[RECORD SET Boundary: Start]

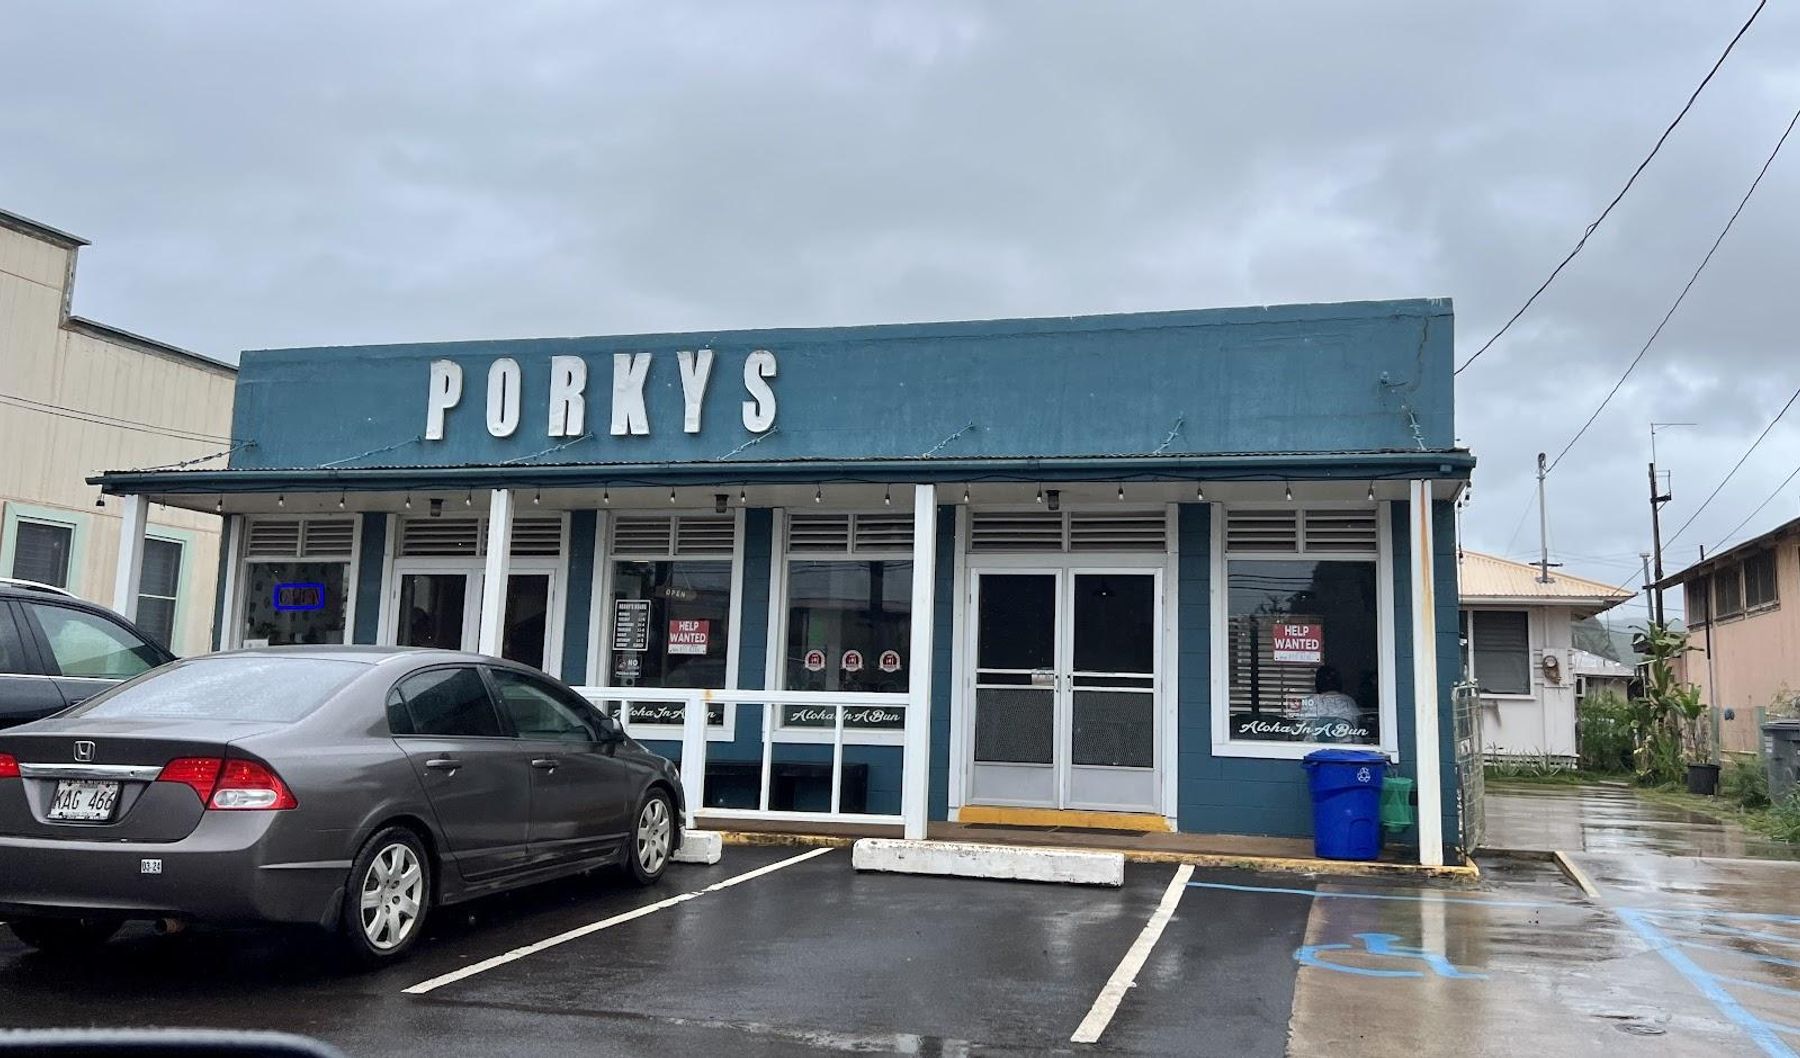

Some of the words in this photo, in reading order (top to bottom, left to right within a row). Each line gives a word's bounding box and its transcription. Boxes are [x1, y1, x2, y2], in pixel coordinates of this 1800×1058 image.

[425, 350, 777, 440] PORKYS
[665, 588, 686, 598] OPEN
[678, 621, 699, 632] HELP
[1284, 625, 1309, 637] HELP
[669, 632, 706, 643] WANTED
[1274, 638, 1320, 650] WANTED
[790, 708, 836, 722] Aloha
[853, 709, 870, 722] A
[869, 709, 901, 722] Bun
[1239, 720, 1291, 733] Aloha
[1290, 722, 1313, 735] In
[1312, 723, 1332, 736] A
[1331, 723, 1369, 738] Bun
[56, 789, 82, 810] KAG
[88, 790, 116, 810] 466
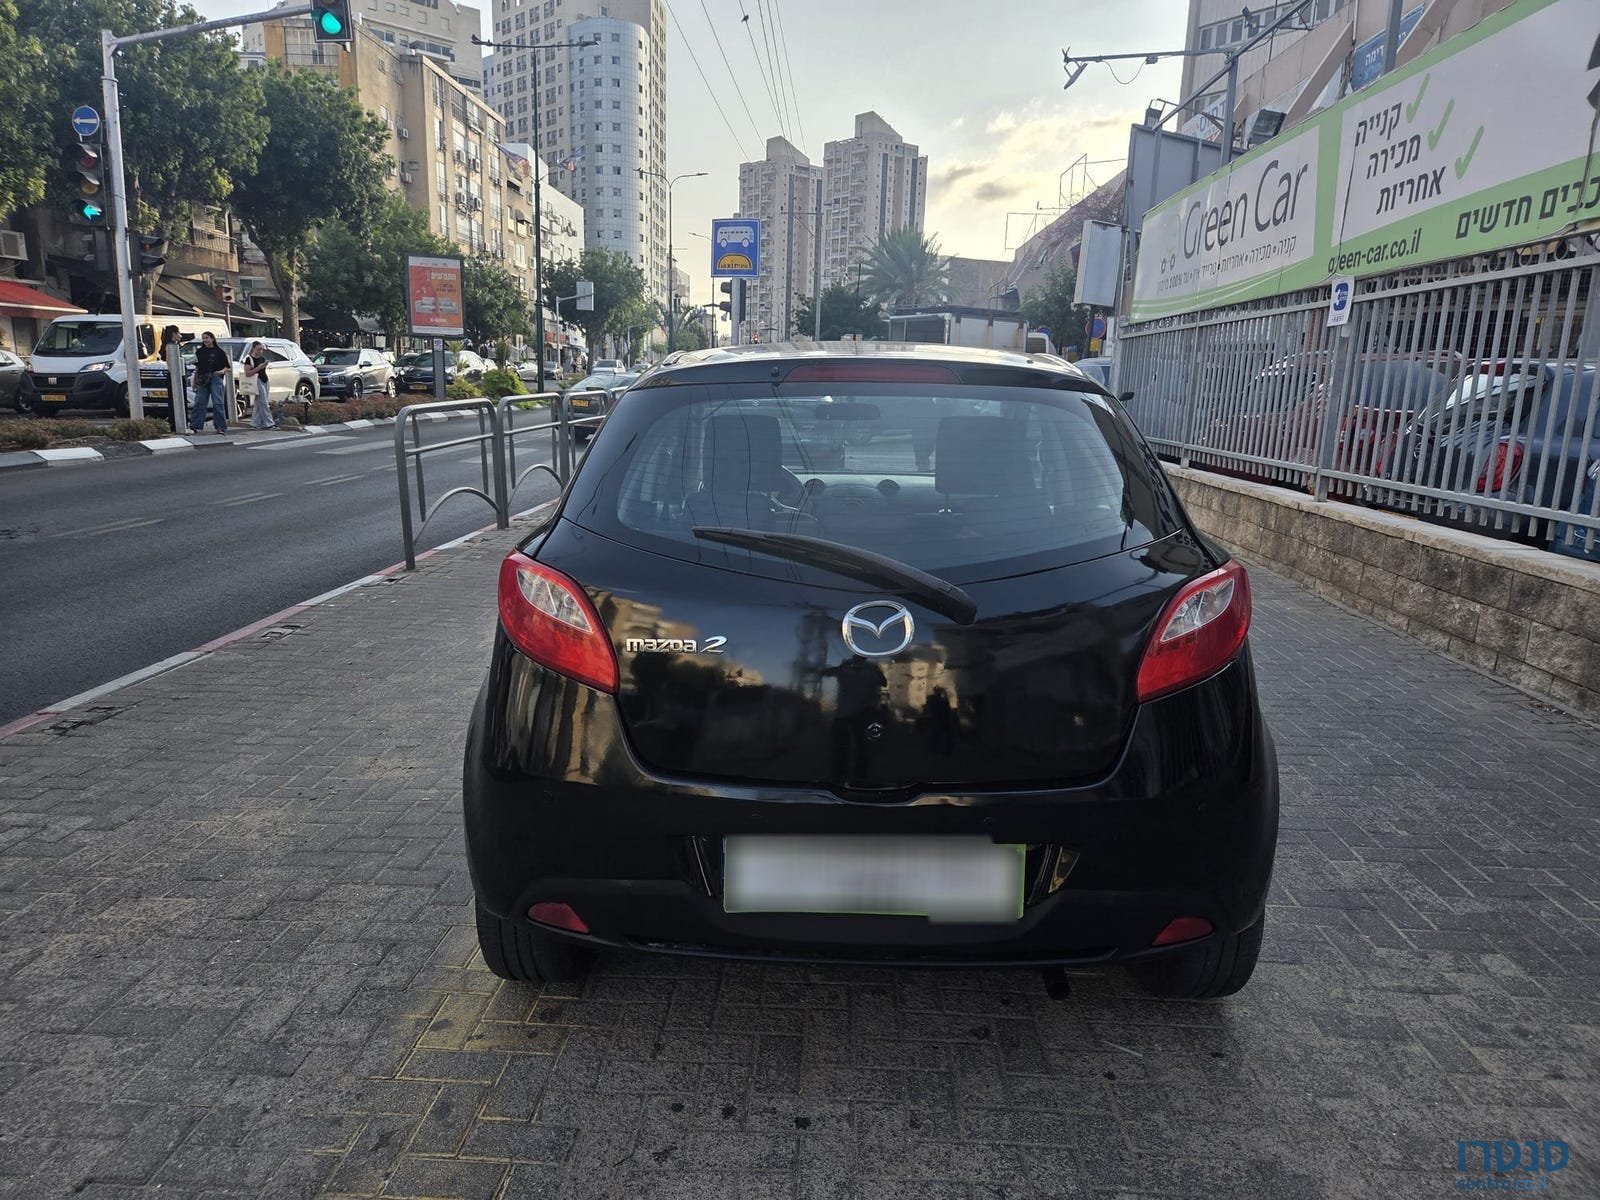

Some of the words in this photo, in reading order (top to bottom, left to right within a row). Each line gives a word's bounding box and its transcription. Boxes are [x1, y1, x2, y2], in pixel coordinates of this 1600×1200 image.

[RECORD SET Boundary: End]

** ACTIVITY **
If a line holds an image, leave the image out; retype everything else in the entries exactly.

** ANSWER AREA **
Some of the words in this photo, in reading order (top to bottom, left to right within a row). Each line gives a word's bounding box and its transcription. Boxes are [x1, y1, x2, y2], in pixel coordinates of this 1800×1058 image.

[425, 350, 777, 440] PORKYS
[665, 588, 686, 598] OPEN
[678, 621, 699, 632] HELP
[1284, 625, 1309, 637] HELP
[669, 632, 706, 643] WANTED
[1274, 638, 1320, 650] WANTED
[790, 708, 836, 722] Aloha
[853, 709, 870, 722] A
[869, 709, 901, 722] Bun
[1239, 720, 1291, 733] Aloha
[1290, 722, 1313, 735] In
[1312, 723, 1332, 736] A
[1331, 723, 1369, 738] Bun
[56, 789, 82, 810] KAG
[88, 790, 116, 810] 466

Some of the words in this photo, in reading order (top to bottom, left to right within a row). Each line gives a word's bounding box and its transcription. Boxes are [x1, y1, x2, y2], in pixel coordinates of this 1600×1200 image.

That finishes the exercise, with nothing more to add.